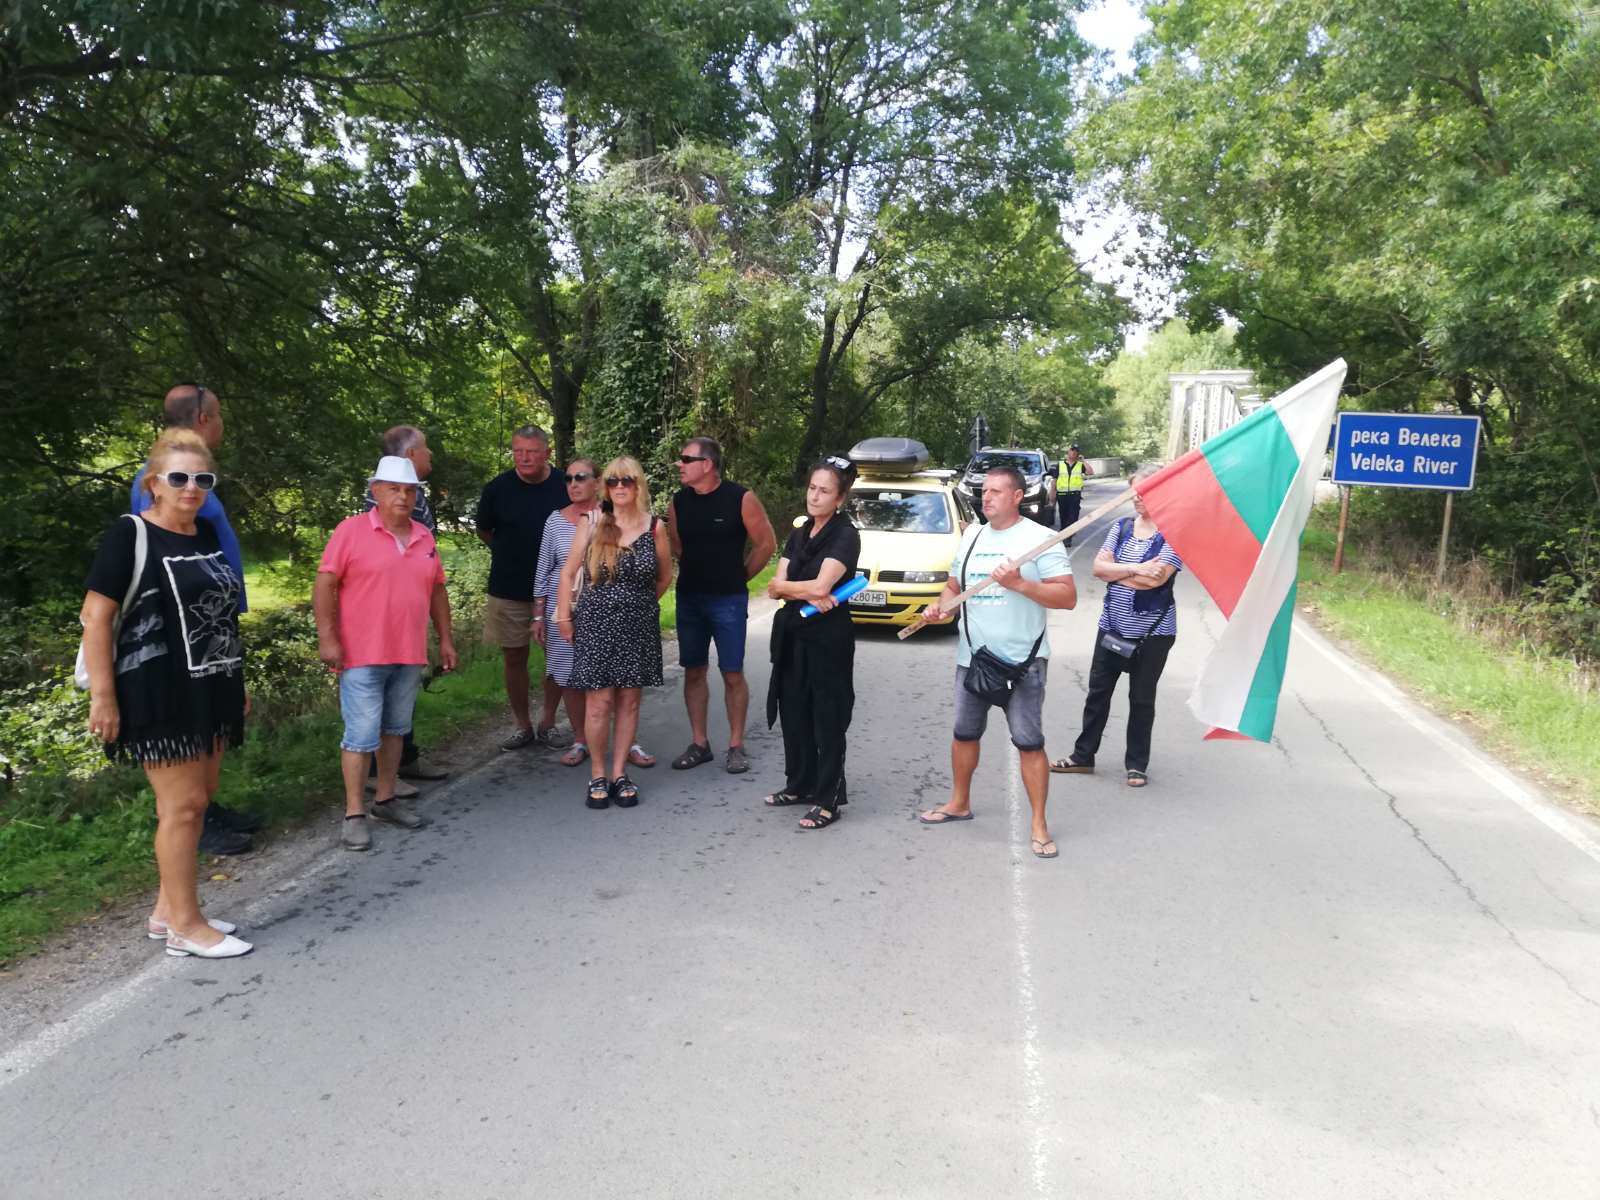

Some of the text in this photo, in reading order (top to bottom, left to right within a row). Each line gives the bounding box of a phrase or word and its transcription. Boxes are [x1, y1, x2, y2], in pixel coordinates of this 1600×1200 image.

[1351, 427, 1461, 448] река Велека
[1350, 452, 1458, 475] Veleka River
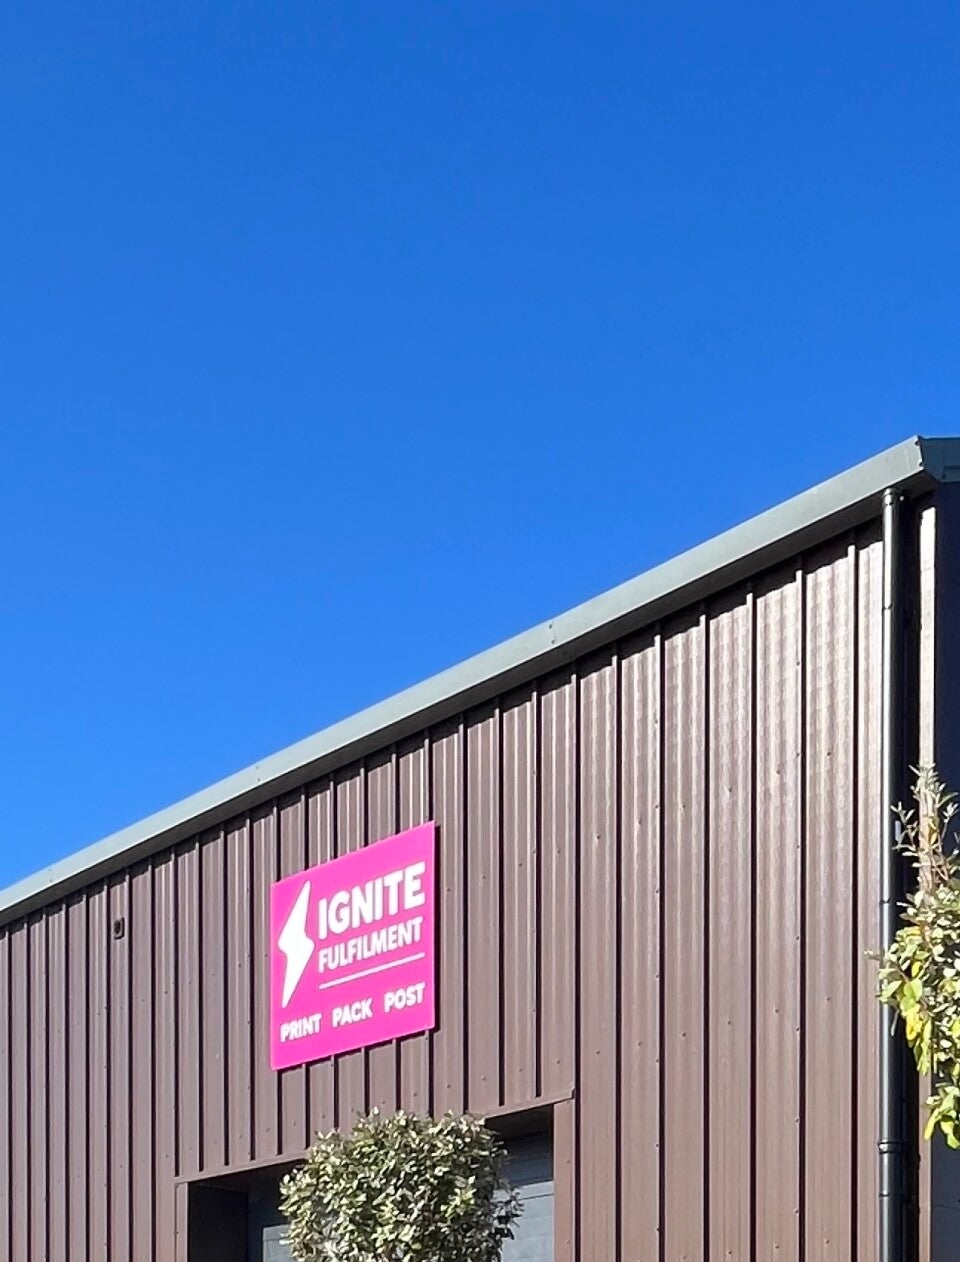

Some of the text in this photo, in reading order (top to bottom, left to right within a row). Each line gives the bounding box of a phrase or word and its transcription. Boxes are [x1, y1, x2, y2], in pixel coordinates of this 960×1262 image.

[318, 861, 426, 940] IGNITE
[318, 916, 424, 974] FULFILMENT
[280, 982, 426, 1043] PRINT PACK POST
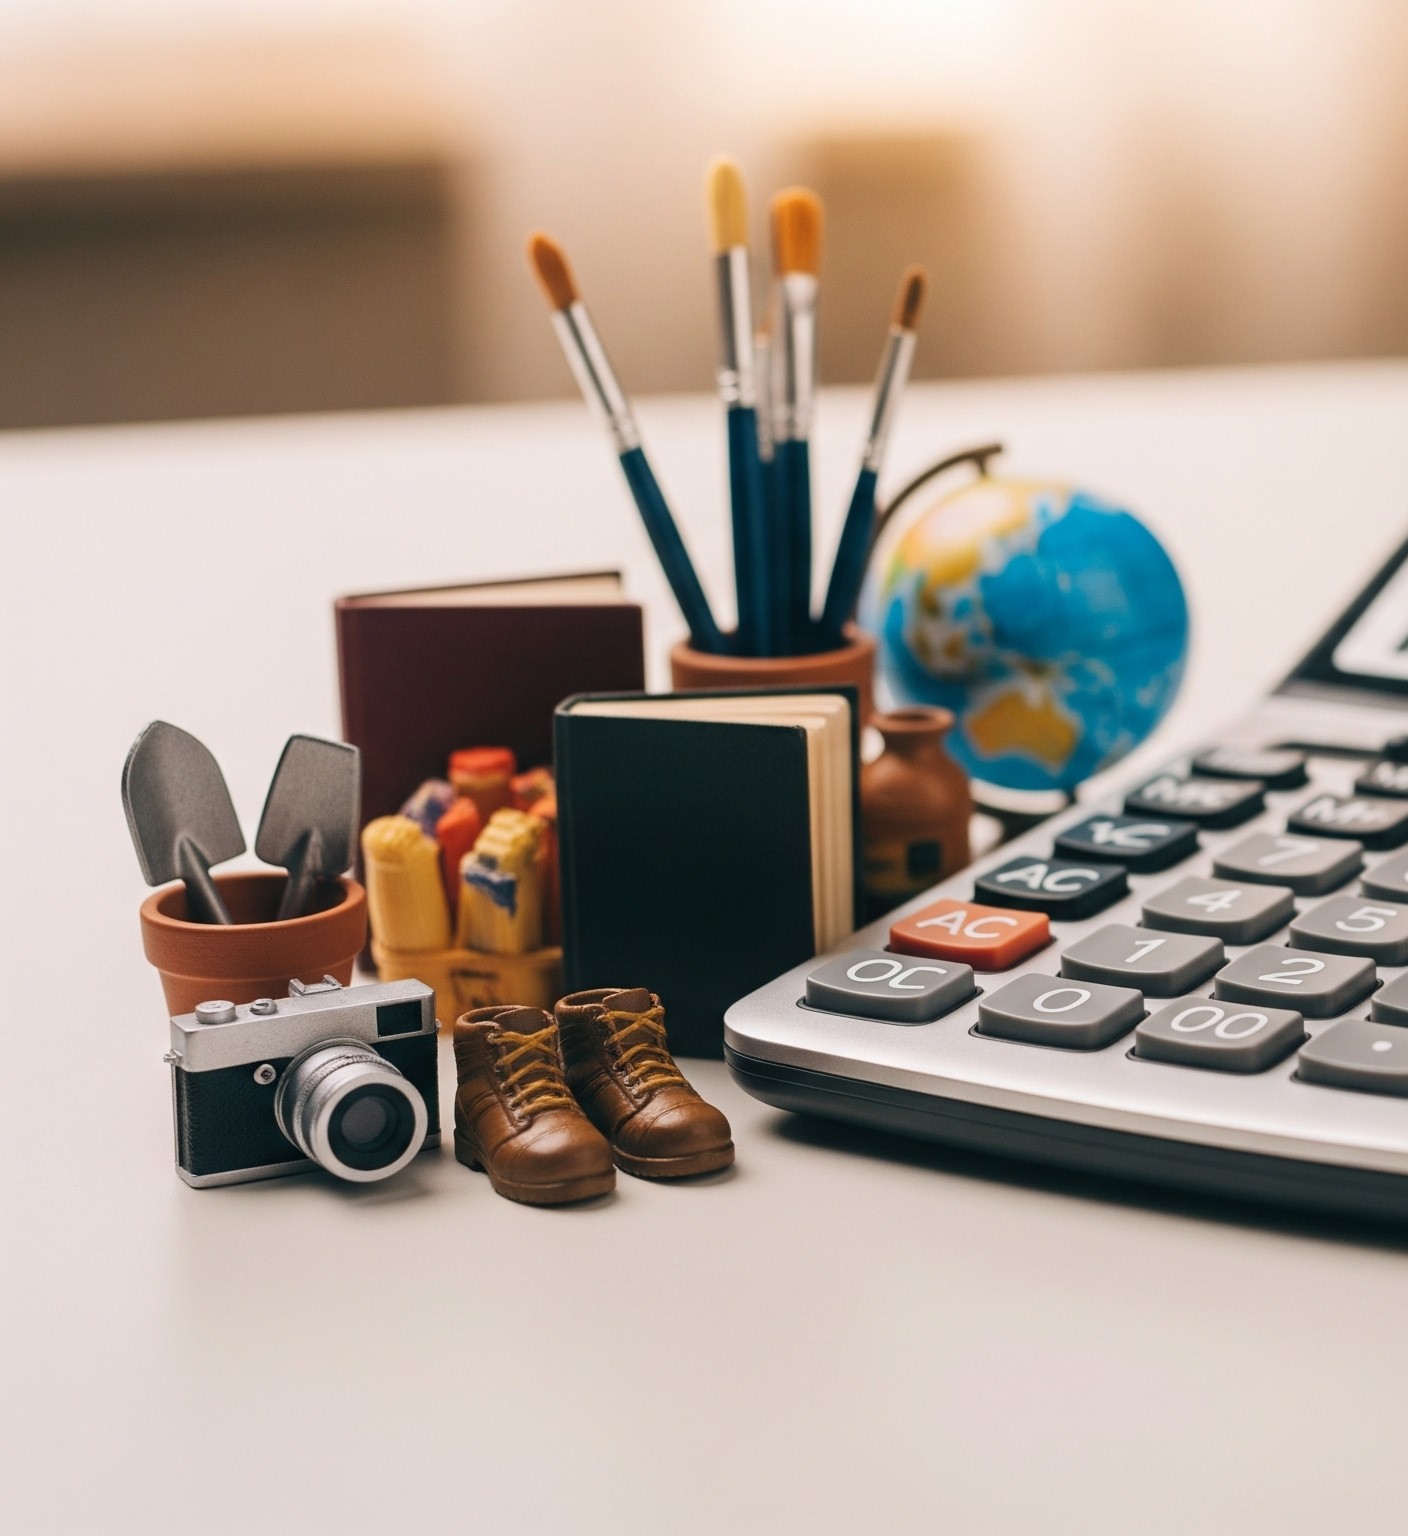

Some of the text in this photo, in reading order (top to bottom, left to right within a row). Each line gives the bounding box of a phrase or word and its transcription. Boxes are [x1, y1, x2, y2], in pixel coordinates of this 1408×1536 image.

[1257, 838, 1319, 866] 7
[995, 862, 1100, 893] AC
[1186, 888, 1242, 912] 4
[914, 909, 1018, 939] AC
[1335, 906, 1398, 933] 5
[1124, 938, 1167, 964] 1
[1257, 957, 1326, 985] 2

···

WHAT THE TASK ASKS:
Set down exactly the lines of the listing above, from the line holding "this 1408×1536 image." through its last line, with nothing added.

COMPLETED TASK:
Some of the text in this photo, in reading order (top to bottom, left to right within a row). Each line gives the bounding box of a phrase or word and its transcription. Boxes are [x1, y1, x2, y2], in pixel coordinates of this 1408×1536 image.

[1257, 838, 1319, 866] 7
[995, 862, 1100, 893] AC
[1186, 888, 1242, 912] 4
[914, 909, 1018, 939] AC
[1335, 906, 1398, 933] 5
[1124, 938, 1167, 964] 1
[1257, 957, 1326, 985] 2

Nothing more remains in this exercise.